Useful insights for tomorrow’s leaders to begin exercising today.
Listen and learn
In her P&Q portrait, Farh shared her favorite hobbies (hiking, exploring restaurants, “family-watching”), summer plans (“Learning R to keep up with my PhD students”), favorite book (Edge: Turning Adversity into Advantage by her friend, Laura Huang), songs (“The Champion” by Carrie Underwood featuring Ludacris, and “Brave” by Sara Bareilles), and movies (Miracle, Remember the Titans, Hidden Figures).

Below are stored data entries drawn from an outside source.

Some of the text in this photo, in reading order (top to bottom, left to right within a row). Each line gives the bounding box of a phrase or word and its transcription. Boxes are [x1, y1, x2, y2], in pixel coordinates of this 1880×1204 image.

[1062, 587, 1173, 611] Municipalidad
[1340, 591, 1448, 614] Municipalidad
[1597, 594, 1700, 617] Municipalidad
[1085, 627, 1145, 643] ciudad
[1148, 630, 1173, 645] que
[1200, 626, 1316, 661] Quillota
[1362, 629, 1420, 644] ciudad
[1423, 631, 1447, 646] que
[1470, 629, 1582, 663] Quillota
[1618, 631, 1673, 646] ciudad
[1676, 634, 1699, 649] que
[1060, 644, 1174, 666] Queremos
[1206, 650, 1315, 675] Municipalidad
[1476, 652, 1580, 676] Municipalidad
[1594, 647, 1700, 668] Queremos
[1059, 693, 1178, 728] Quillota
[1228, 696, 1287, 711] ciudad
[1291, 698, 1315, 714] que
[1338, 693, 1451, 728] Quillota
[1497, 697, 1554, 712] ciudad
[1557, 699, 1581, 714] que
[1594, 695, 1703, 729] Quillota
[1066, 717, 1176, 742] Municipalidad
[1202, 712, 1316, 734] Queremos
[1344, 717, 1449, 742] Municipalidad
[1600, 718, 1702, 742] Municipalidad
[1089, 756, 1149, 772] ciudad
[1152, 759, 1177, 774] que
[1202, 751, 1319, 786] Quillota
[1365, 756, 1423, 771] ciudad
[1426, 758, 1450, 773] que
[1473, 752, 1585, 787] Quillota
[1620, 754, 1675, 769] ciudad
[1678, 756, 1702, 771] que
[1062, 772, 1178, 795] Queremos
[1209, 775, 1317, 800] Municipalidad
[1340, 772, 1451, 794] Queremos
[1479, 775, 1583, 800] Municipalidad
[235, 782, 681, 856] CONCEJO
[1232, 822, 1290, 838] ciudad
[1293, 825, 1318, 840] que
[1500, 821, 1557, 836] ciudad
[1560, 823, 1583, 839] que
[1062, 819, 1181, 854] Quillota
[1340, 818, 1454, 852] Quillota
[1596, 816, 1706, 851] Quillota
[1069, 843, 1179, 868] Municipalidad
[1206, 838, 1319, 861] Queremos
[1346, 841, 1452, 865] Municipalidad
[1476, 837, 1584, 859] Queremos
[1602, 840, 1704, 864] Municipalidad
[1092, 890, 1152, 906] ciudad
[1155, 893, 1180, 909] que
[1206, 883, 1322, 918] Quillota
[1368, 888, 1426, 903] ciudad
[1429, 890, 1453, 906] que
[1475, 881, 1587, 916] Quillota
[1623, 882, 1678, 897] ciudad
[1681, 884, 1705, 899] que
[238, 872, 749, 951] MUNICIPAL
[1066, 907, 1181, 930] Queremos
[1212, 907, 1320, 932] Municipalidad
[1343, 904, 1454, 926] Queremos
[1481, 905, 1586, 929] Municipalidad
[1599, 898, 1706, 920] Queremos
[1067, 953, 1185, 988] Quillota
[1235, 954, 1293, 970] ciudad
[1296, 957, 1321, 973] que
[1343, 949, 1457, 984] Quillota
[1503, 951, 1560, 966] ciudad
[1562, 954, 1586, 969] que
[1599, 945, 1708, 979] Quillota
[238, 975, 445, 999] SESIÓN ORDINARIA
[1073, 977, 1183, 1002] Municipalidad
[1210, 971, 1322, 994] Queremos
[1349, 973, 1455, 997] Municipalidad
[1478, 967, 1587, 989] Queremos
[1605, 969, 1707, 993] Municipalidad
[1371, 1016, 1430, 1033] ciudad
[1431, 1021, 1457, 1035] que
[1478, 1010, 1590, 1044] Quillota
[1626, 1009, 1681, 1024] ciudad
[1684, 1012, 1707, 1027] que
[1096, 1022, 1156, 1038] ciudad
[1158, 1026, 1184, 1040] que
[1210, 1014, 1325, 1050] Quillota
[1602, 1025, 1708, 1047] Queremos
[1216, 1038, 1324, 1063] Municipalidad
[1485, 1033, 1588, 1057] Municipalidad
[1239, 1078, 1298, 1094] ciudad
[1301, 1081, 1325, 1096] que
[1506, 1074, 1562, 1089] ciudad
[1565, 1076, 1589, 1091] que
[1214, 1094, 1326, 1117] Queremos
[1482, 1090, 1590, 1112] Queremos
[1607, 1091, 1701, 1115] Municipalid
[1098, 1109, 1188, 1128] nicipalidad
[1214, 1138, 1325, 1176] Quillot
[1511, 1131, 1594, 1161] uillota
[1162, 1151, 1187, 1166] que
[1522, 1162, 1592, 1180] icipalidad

She also revealed that she would have aspired to a career in music—Broadway star, church choir director, wedding singer—if this whole business professor thing hadn’t worked out. (Her passion for song dates back to the 4th grade, when she was cast as Maria von Trapp in her elementary school’s performance of “The Sound of Music.”)
But most of the piece focuses on her academic work, and the seamless way in which she infuses her own research insights on teamwork, creativity and voice into the hearts and minds of her highly engaged students and the world at large.
Asked to envision the business school of the future, Farh replied:
“This year, more than ever, we have seen the need for business schools to be at the forefront in developing leaders who are able to listen to the voices that are not their own. Our gut instinct is to reject or dismiss perspectives and experiences that feel unfamiliar to us. We tend to seek out and amplify the voices that already surround us, instead of reaching out to invite others to join the conversation.
“Listening is what enables leaders to bring people together to tackle the grand challenges of today. When we listen, we see the humanity in ourselves and others. When we listen, we gain the fuel and insight to get where we need to go, together.”